■ Work instruction: For this exercise, output the line containing "this 1440×960 image." and every line after it through the end of the records, exactly, and no other line.

■ The data:

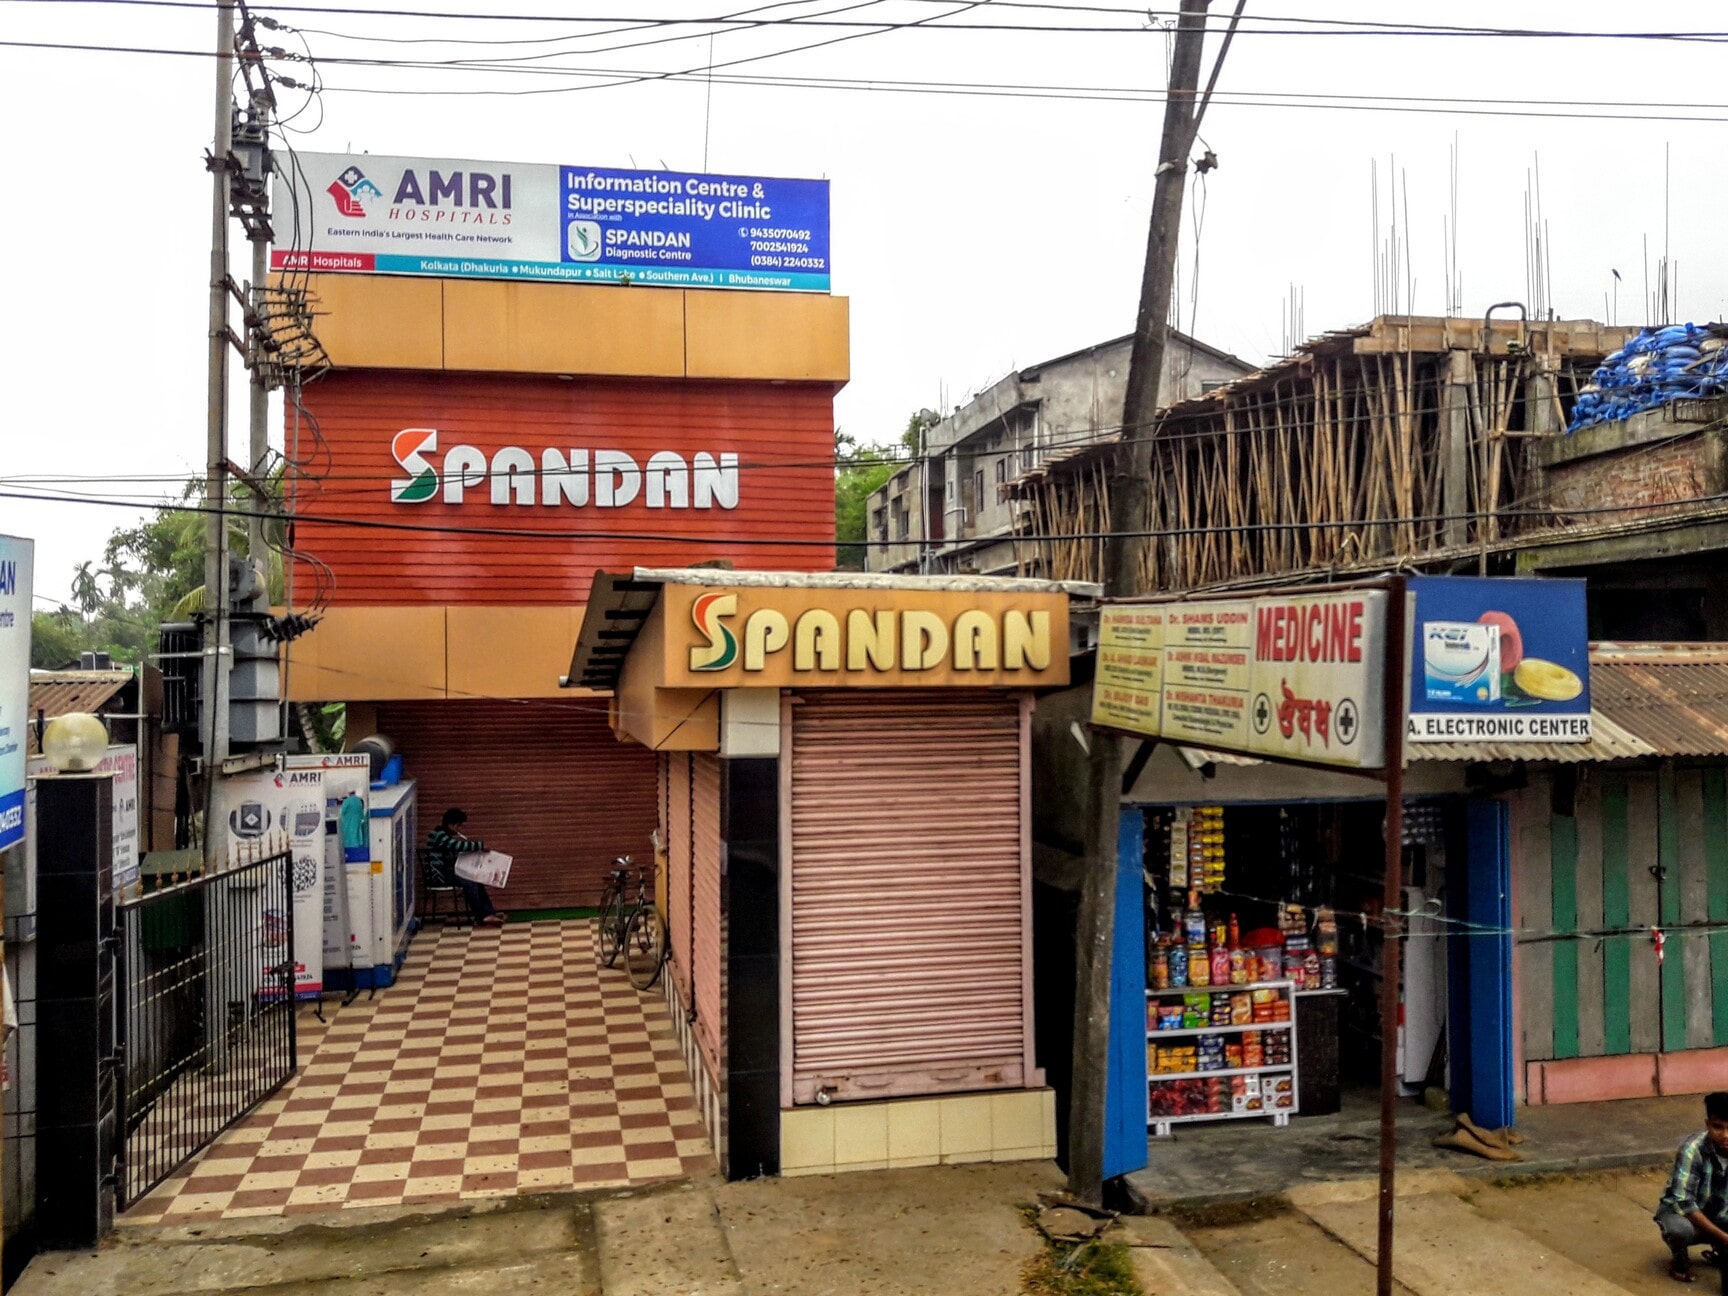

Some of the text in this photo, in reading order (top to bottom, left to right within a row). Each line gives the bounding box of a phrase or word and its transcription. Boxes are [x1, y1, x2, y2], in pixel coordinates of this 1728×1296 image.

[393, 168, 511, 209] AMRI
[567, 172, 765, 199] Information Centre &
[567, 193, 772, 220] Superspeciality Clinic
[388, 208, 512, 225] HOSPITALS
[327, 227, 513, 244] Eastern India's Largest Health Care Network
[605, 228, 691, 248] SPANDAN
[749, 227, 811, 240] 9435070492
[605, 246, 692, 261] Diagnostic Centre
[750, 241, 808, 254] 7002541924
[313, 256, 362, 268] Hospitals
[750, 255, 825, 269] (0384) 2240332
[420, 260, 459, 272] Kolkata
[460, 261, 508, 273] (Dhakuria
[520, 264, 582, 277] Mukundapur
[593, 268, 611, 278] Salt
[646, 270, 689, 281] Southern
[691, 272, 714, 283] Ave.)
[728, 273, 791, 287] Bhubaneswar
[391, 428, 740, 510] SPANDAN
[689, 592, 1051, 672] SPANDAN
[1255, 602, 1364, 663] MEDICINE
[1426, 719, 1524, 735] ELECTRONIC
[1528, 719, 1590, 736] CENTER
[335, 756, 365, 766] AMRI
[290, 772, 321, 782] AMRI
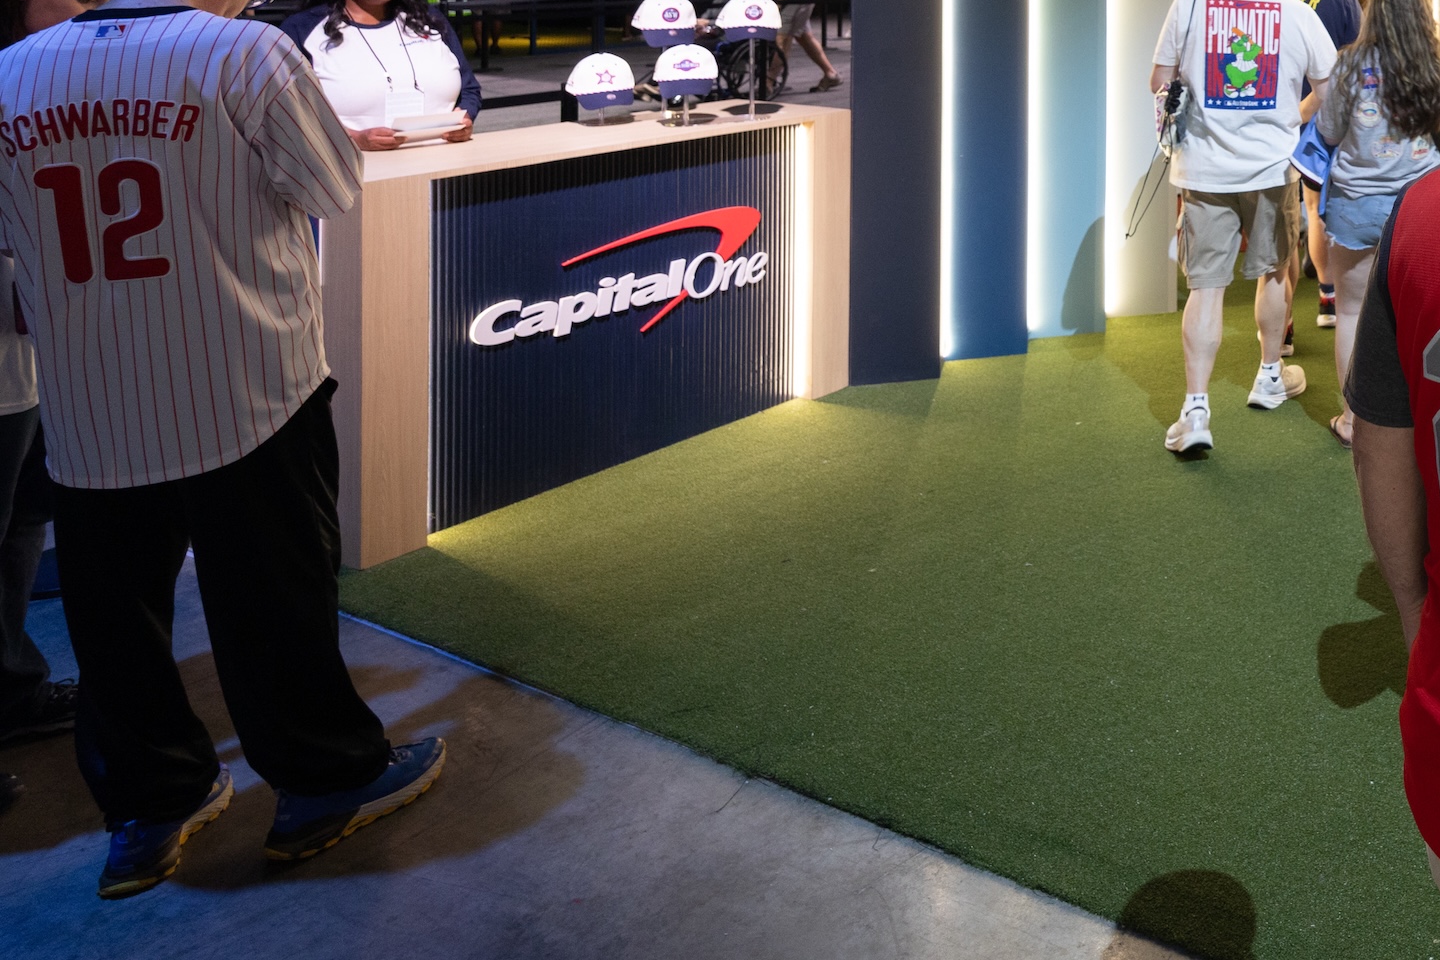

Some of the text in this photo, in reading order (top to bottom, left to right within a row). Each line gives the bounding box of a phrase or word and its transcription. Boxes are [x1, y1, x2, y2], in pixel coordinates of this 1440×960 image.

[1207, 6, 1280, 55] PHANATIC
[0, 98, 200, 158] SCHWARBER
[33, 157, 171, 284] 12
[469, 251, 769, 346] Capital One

■ Output for this task:
Some of the text in this photo, in reading order (top to bottom, left to right within a row). Each line gives the bounding box of a phrase or word and its transcription. Boxes are [x1, y1, x2, y2], in pixel coordinates of this 1440×960 image.

[1207, 6, 1280, 55] PHANATIC
[0, 98, 200, 158] SCHWARBER
[33, 157, 171, 284] 12
[469, 251, 769, 346] Capital One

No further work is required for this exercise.